No worries! It means that by commenting, I moved the post up higher on the “New” page and toward the top of the subforum you posted in. So when people go to these pages, your post is closer to the top.


----------



## Crooked Driller (6 mo ago)

Crooked Driller said:


> Sorry to be a dummy. New to forumspeak. What does bumping up mean


Ok thanks


----------



## DblTrblGolden2 (Aug 22, 2018)

You should contact a local Field/Hunt Training group and ask them. You could also contact a local Pro and ask.


----------



## Crooked Driller (6 mo ago)

DblTrblGolden2 said:


> You should contact a local Field/Hunt Training group and ask them. You could also contact a local Pro and ask.

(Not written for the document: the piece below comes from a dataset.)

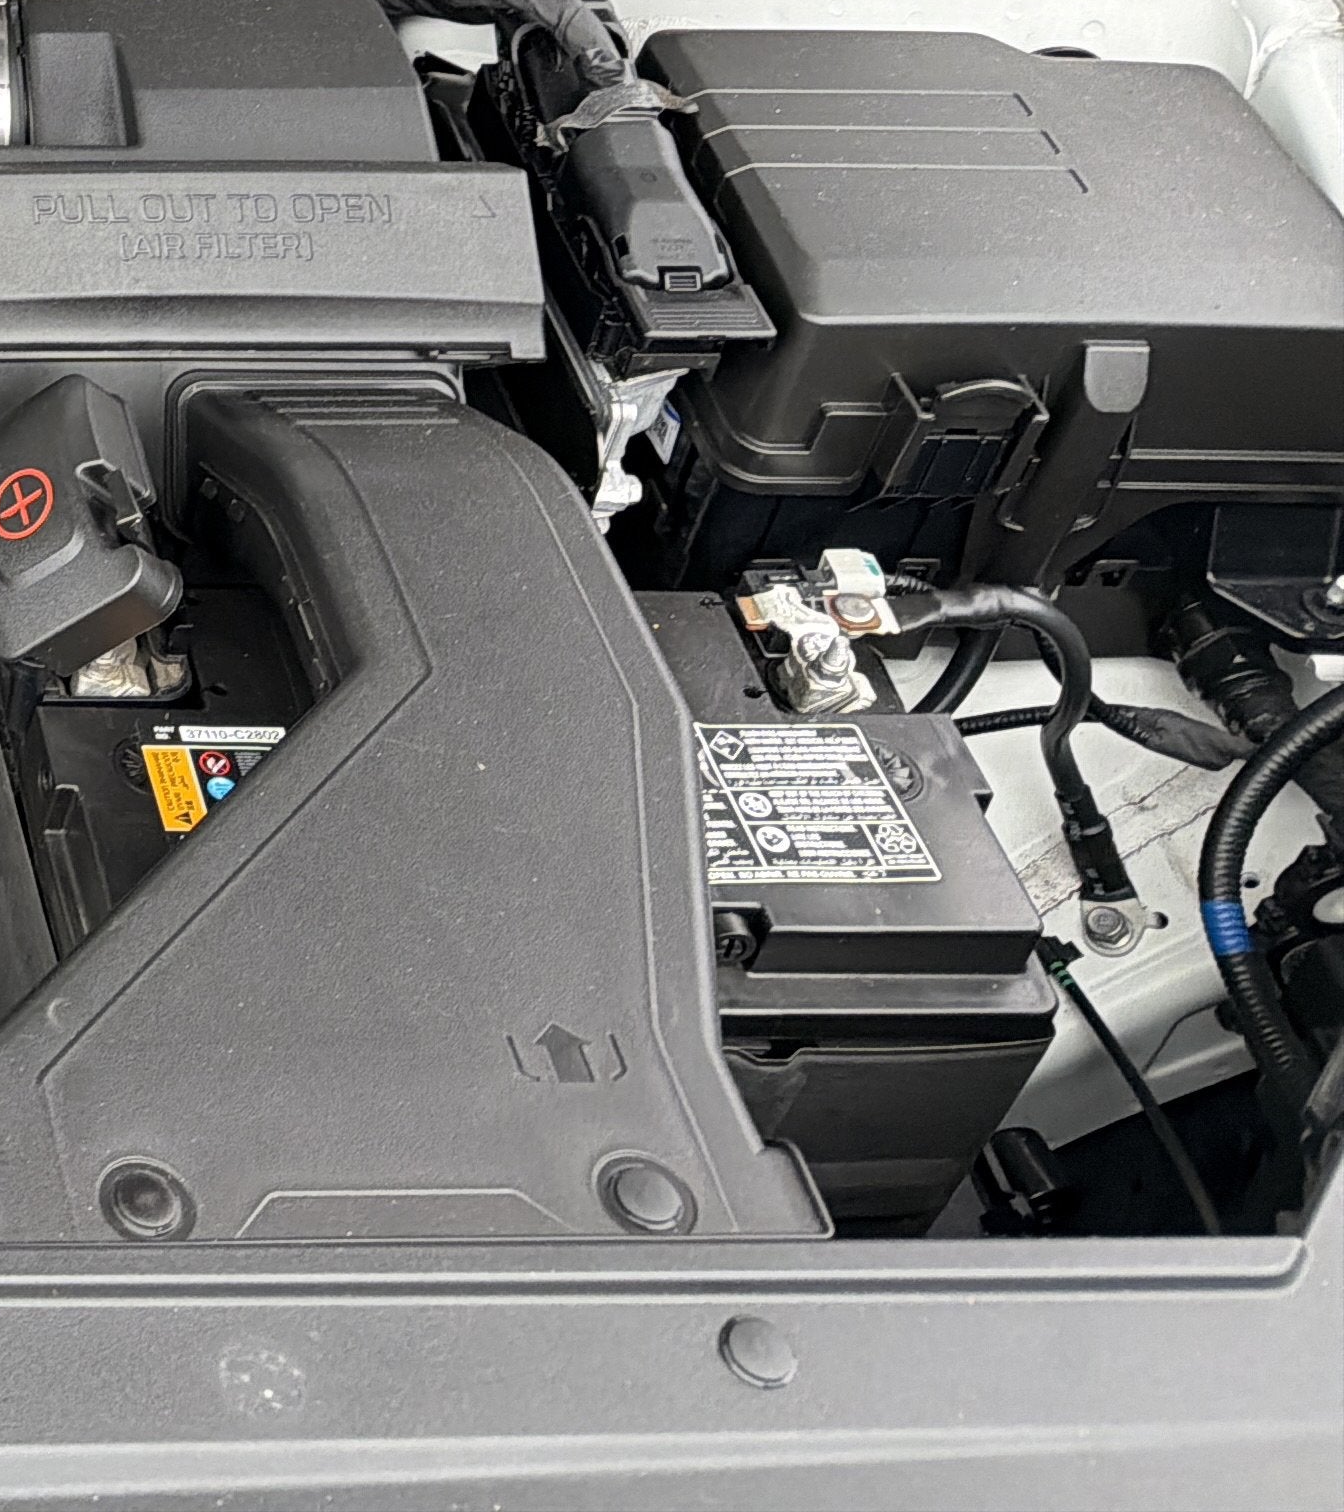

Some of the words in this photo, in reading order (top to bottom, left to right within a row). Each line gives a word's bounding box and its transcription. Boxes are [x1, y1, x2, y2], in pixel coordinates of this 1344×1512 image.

Actually we are looking for a source for our hunt club. That’s the issue. We are good for our events this year going forward our club and most of the New England clubs and trainers have this dilemma. Thanks for the input though.


----------



## Alaska7133 (May 26, 2011)

Crooked Driller said:


> Actually we are looking for a source for our hunt club. That’s the issue. We are good for our events this year going forward our club and most of the New England clubs and trainers have this dilemma. Thanks for the input though.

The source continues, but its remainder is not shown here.